(Information provided)

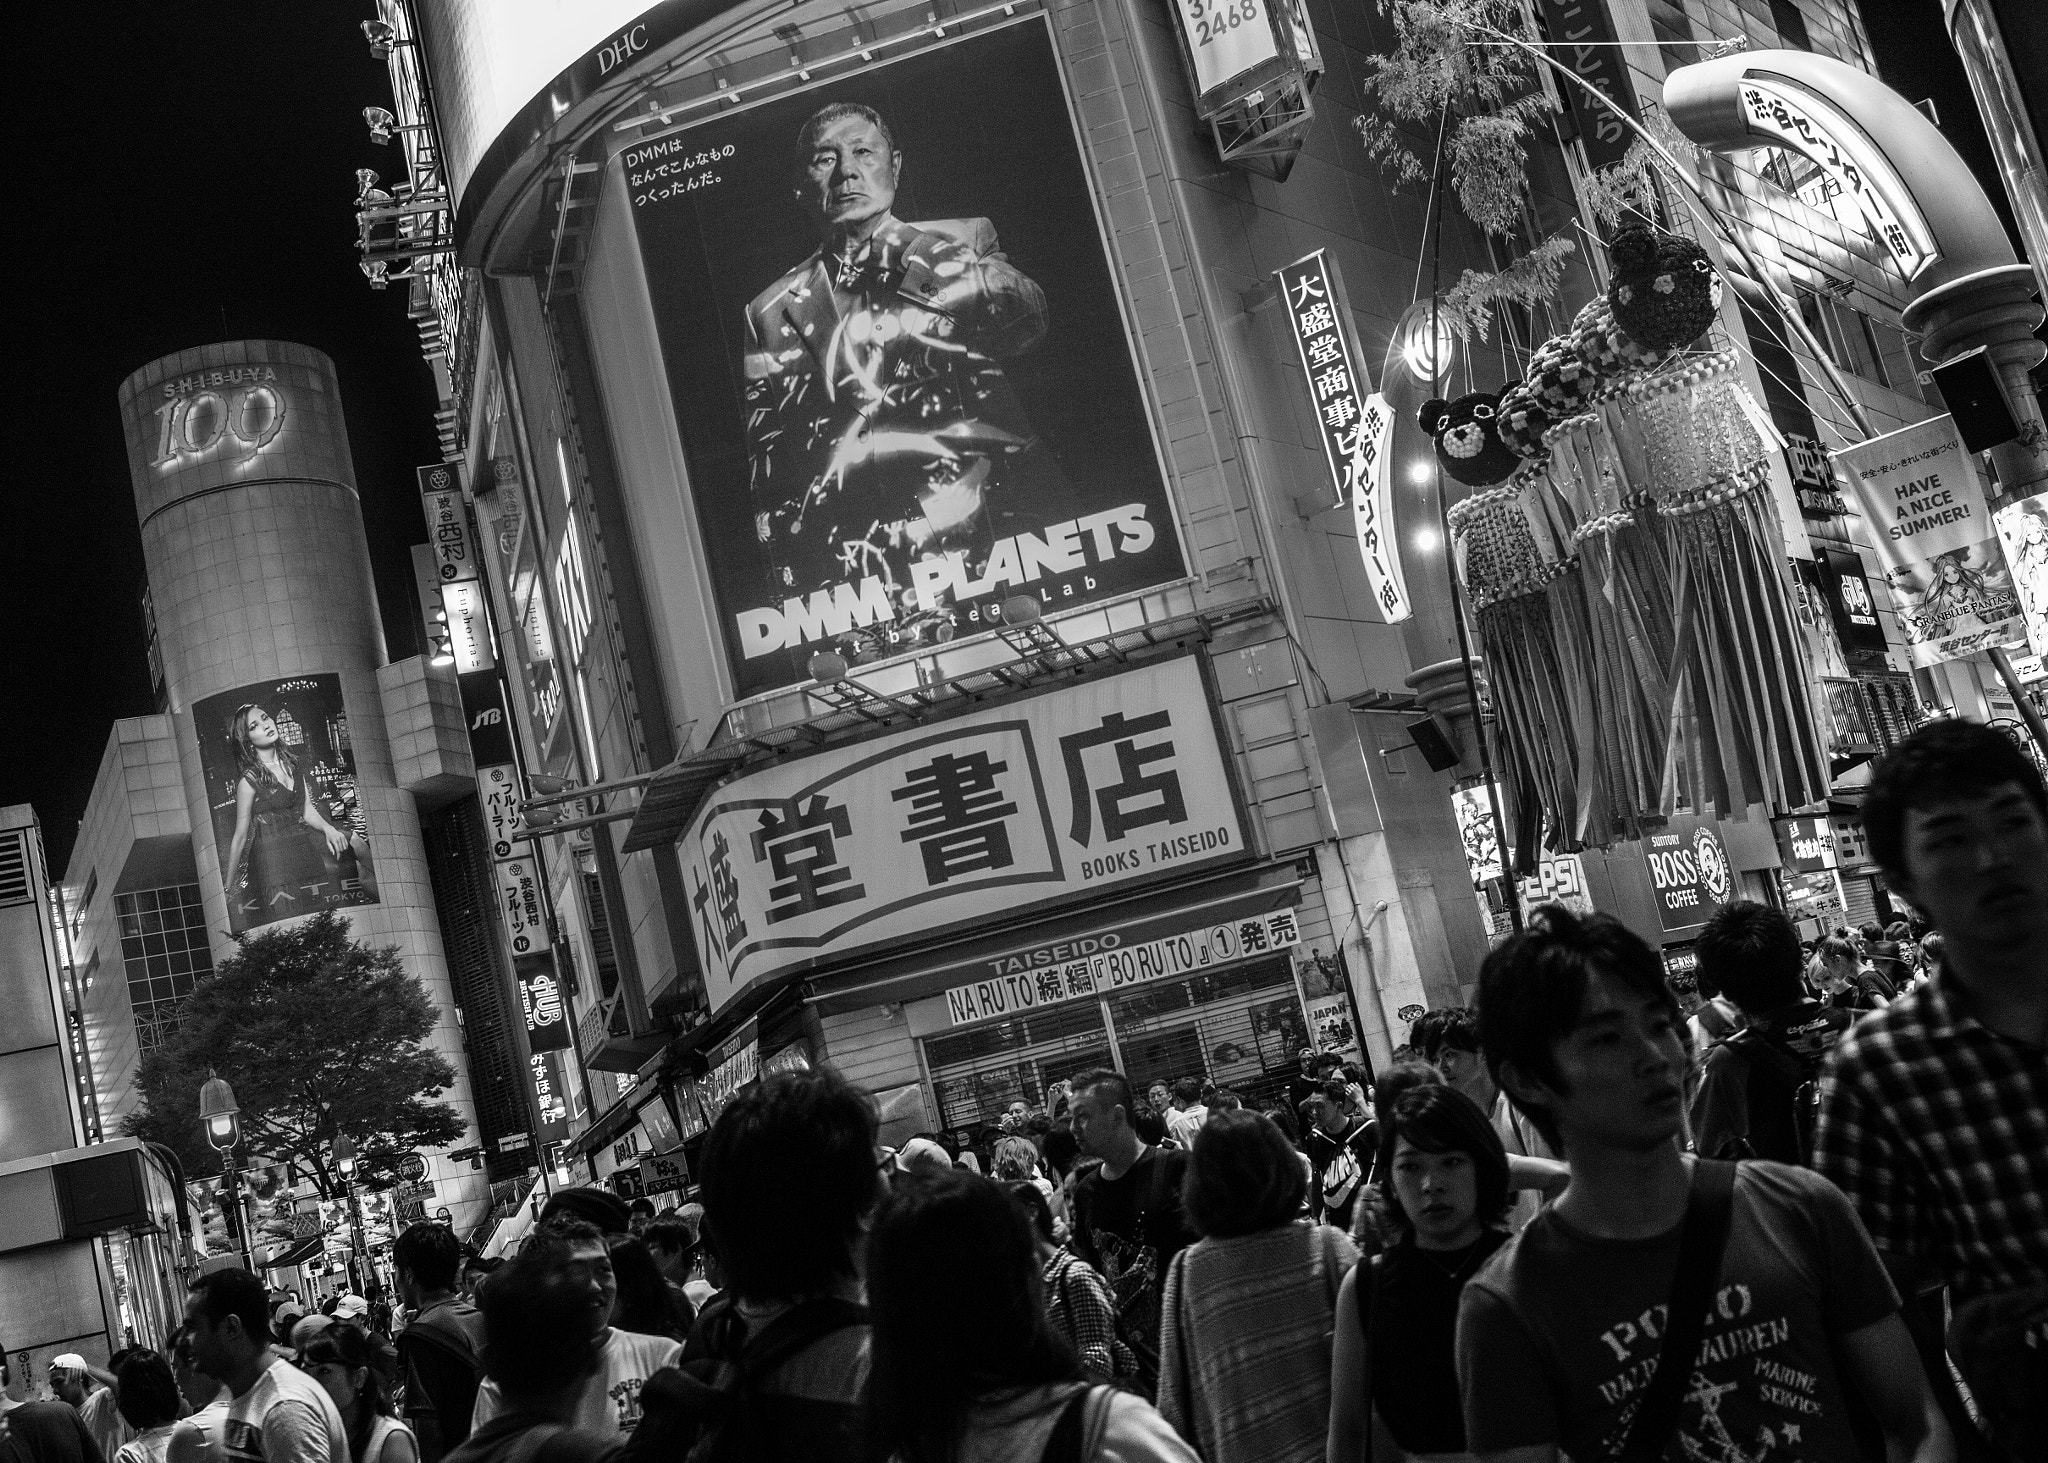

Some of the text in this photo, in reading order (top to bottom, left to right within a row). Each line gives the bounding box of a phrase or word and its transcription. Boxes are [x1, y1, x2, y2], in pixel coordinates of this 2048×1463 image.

[1195, 0, 1257, 47] 2468
[597, 24, 650, 75] DHC
[626, 139, 683, 168] DMMは
[631, 144, 735, 187] なんでこんなもの
[1745, 90, 1912, 258] 渋谷センター街
[635, 170, 721, 207] つくったんだ。
[164, 367, 276, 398] SHIBUYA
[151, 384, 286, 468] 109
[1894, 473, 1942, 500] HAVE
[1896, 489, 1954, 520] A NICE
[1357, 406, 1398, 615] 渋谷センター街
[1889, 503, 1971, 541] SUMMER!
[736, 504, 1155, 660] DMM PLANETS
[457, 588, 478, 656] Euphoria
[888, 628, 921, 645] by
[1914, 604, 1970, 628] GRANBLUE
[473, 707, 502, 731] JTB
[487, 792, 504, 838] パーラー
[501, 783, 520, 829] フルーツ
[694, 709, 1188, 970] 大盛堂書店
[1081, 827, 1230, 880] BOOKS TAISEIDO
[1651, 833, 1680, 848] SUNTORY
[1648, 848, 1698, 889] BOSS
[238, 878, 363, 915] KATE
[324, 891, 365, 903] TOKYO
[505, 886, 524, 933] フルーツ
[519, 876, 539, 927] 渋谷西村
[1665, 888, 1699, 909] COFFEE
[516, 939, 528, 949] 1F
[988, 934, 1121, 976] TAISEIDO
[519, 980, 535, 1031] BRITISH PUB
[528, 975, 562, 1026] HUB
[1313, 1002, 1347, 1020] JAPAN
[530, 1053, 556, 1125] みずほ銀行

(End Information provided)

The problem: Could you copy all of the entries above exactly, without the pictures?

Answer box:
Some of the text in this photo, in reading order (top to bottom, left to right within a row). Each line gives the bounding box of a phrase or word and its transcription. Boxes are [x1, y1, x2, y2], in pixel coordinates of this 2048×1463 image.

[1195, 0, 1257, 47] 2468
[597, 24, 650, 75] DHC
[626, 139, 683, 168] DMMは
[631, 144, 735, 187] なんでこんなもの
[1745, 90, 1912, 258] 渋谷センター街
[635, 170, 721, 207] つくったんだ。
[164, 367, 276, 398] SHIBUYA
[151, 384, 286, 468] 109
[1894, 473, 1942, 500] HAVE
[1896, 489, 1954, 520] A NICE
[1357, 406, 1398, 615] 渋谷センター街
[1889, 503, 1971, 541] SUMMER!
[736, 504, 1155, 660] DMM PLANETS
[457, 588, 478, 656] Euphoria
[888, 628, 921, 645] by
[1914, 604, 1970, 628] GRANBLUE
[473, 707, 502, 731] JTB
[487, 792, 504, 838] パーラー
[501, 783, 520, 829] フルーツ
[694, 709, 1188, 970] 大盛堂書店
[1081, 827, 1230, 880] BOOKS TAISEIDO
[1651, 833, 1680, 848] SUNTORY
[1648, 848, 1698, 889] BOSS
[238, 878, 363, 915] KATE
[324, 891, 365, 903] TOKYO
[505, 886, 524, 933] フルーツ
[519, 876, 539, 927] 渋谷西村
[1665, 888, 1699, 909] COFFEE
[516, 939, 528, 949] 1F
[988, 934, 1121, 976] TAISEIDO
[519, 980, 535, 1031] BRITISH PUB
[528, 975, 562, 1026] HUB
[1313, 1002, 1347, 1020] JAPAN
[530, 1053, 556, 1125] みずほ銀行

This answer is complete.